> _RAW DATA_:
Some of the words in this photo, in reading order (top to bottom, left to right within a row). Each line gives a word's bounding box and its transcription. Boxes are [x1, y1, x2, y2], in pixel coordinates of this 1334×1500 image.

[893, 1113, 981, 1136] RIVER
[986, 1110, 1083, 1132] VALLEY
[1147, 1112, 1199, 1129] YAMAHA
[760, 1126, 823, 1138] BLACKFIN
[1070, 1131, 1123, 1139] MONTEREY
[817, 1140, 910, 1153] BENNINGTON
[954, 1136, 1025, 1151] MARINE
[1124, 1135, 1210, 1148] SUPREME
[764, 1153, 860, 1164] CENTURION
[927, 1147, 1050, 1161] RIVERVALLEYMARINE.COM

> _DESCRIPTION OF THE TASK_: Transcribe each entry verbatim, leaving none out.

> _ANSWER FOR THIS EXERCISE_:
Some of the words in this photo, in reading order (top to bottom, left to right within a row). Each line gives a word's bounding box and its transcription. Boxes are [x1, y1, x2, y2], in pixel coordinates of this 1334×1500 image.

[893, 1113, 981, 1136] RIVER
[986, 1110, 1083, 1132] VALLEY
[1147, 1112, 1199, 1129] YAMAHA
[760, 1126, 823, 1138] BLACKFIN
[1070, 1131, 1123, 1139] MONTEREY
[817, 1140, 910, 1153] BENNINGTON
[954, 1136, 1025, 1151] MARINE
[1124, 1135, 1210, 1148] SUPREME
[764, 1153, 860, 1164] CENTURION
[927, 1147, 1050, 1161] RIVERVALLEYMARINE.COM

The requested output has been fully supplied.